### WORK TASK
In your copy of the entries below, keep every word exactly and leave out all images.

[Saved entries]

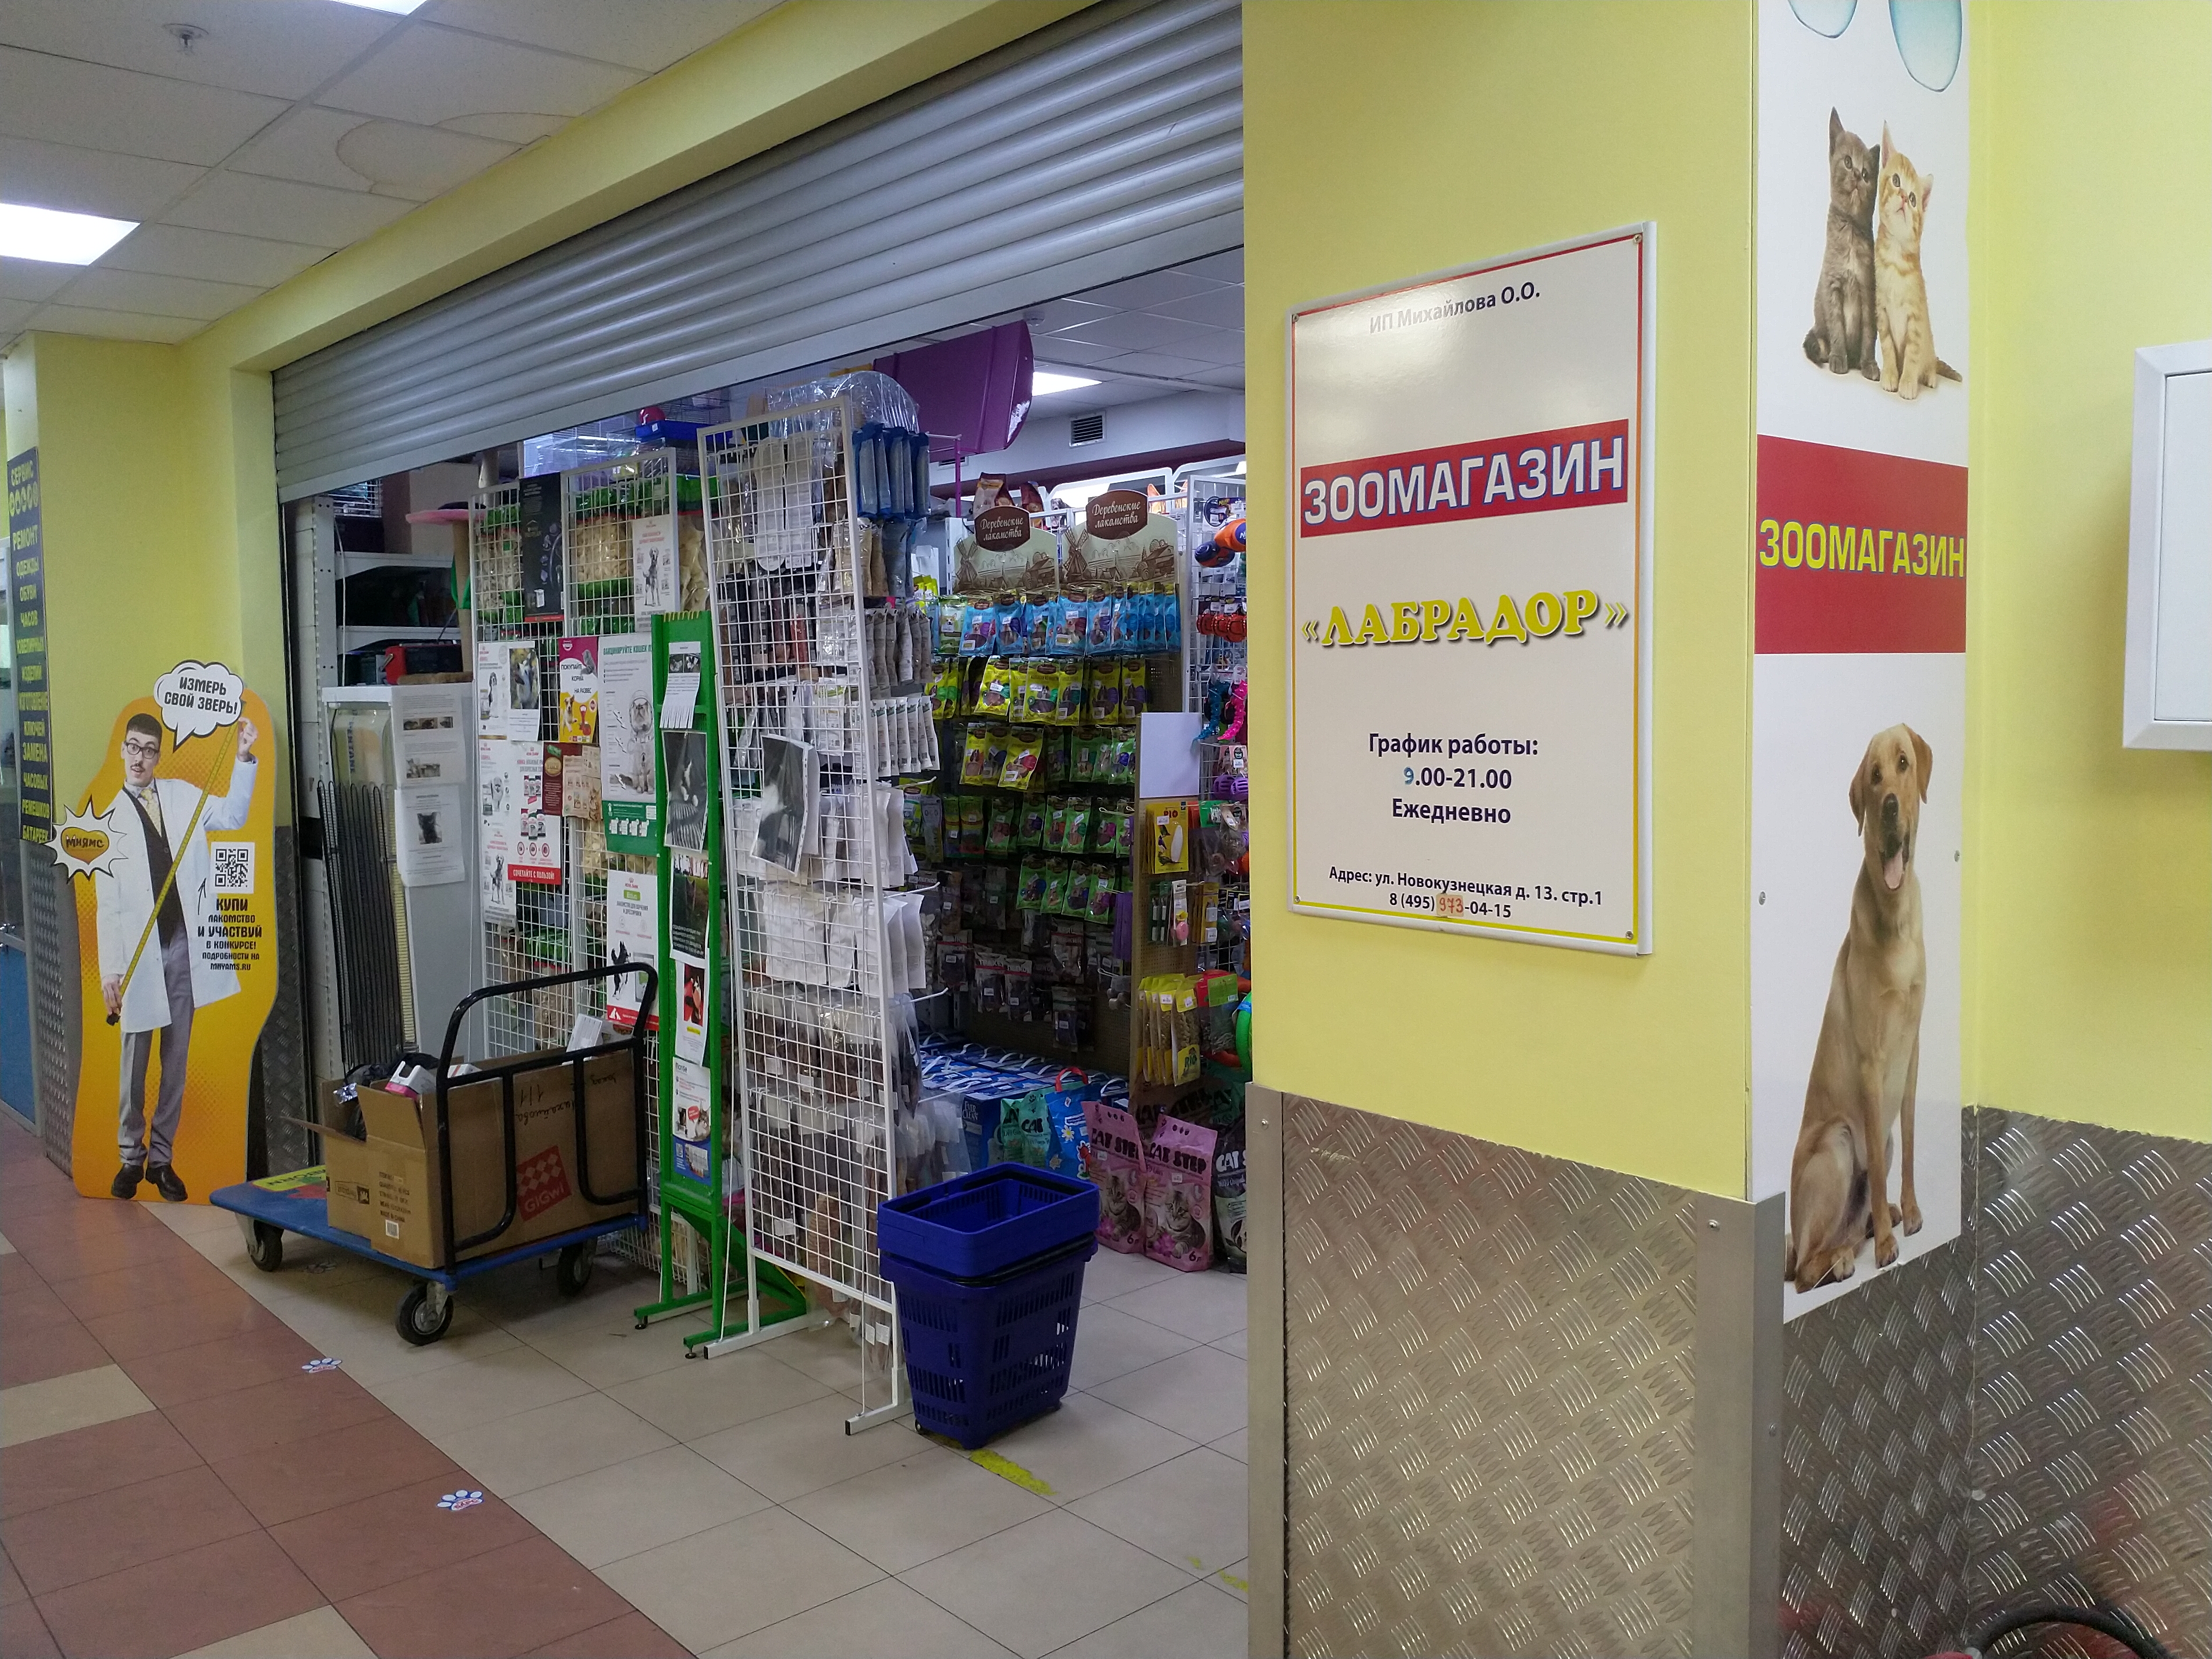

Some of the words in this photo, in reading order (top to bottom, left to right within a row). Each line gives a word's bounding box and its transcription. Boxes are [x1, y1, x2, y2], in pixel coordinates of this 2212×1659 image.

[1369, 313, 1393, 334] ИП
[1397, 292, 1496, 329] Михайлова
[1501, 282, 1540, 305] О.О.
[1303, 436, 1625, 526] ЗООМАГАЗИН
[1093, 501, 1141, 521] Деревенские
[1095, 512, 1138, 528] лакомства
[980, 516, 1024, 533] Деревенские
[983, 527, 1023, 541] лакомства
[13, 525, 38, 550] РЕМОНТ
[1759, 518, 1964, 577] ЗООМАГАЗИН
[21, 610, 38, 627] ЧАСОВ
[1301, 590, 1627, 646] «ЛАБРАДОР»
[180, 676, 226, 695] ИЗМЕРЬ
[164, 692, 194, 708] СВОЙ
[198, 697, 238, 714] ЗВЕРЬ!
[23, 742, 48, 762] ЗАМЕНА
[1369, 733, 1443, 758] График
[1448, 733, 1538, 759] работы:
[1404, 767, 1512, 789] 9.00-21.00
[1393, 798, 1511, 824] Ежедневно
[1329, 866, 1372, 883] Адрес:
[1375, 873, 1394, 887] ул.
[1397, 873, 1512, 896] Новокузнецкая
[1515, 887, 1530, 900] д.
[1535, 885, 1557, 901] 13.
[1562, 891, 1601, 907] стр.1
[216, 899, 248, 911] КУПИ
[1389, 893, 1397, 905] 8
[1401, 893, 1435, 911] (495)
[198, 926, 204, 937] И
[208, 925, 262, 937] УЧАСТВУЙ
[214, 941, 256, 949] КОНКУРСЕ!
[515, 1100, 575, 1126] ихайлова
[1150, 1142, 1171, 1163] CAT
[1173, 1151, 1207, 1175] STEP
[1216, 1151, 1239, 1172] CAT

### ANSWER TO THIS TASK
Some of the words in this photo, in reading order (top to bottom, left to right within a row). Each line gives a word's bounding box and its transcription. Boxes are [x1, y1, x2, y2], in pixel coordinates of this 2212×1659 image.

[1369, 313, 1393, 334] ИП
[1397, 292, 1496, 329] Михайлова
[1501, 282, 1540, 305] О.О.
[1303, 436, 1625, 526] ЗООМАГАЗИН
[1093, 501, 1141, 521] Деревенские
[1095, 512, 1138, 528] лакомства
[980, 516, 1024, 533] Деревенские
[983, 527, 1023, 541] лакомства
[13, 525, 38, 550] РЕМОНТ
[1759, 518, 1964, 577] ЗООМАГАЗИН
[21, 610, 38, 627] ЧАСОВ
[1301, 590, 1627, 646] «ЛАБРАДОР»
[180, 676, 226, 695] ИЗМЕРЬ
[164, 692, 194, 708] СВОЙ
[198, 697, 238, 714] ЗВЕРЬ!
[23, 742, 48, 762] ЗАМЕНА
[1369, 733, 1443, 758] График
[1448, 733, 1538, 759] работы:
[1404, 767, 1512, 789] 9.00-21.00
[1393, 798, 1511, 824] Ежедневно
[1329, 866, 1372, 883] Адрес:
[1375, 873, 1394, 887] ул.
[1397, 873, 1512, 896] Новокузнецкая
[1515, 887, 1530, 900] д.
[1535, 885, 1557, 901] 13.
[1562, 891, 1601, 907] стр.1
[216, 899, 248, 911] КУПИ
[1389, 893, 1397, 905] 8
[1401, 893, 1435, 911] (495)
[198, 926, 204, 937] И
[208, 925, 262, 937] УЧАСТВУЙ
[214, 941, 256, 949] КОНКУРСЕ!
[515, 1100, 575, 1126] ихайлова
[1150, 1142, 1171, 1163] CAT
[1173, 1151, 1207, 1175] STEP
[1216, 1151, 1239, 1172] CAT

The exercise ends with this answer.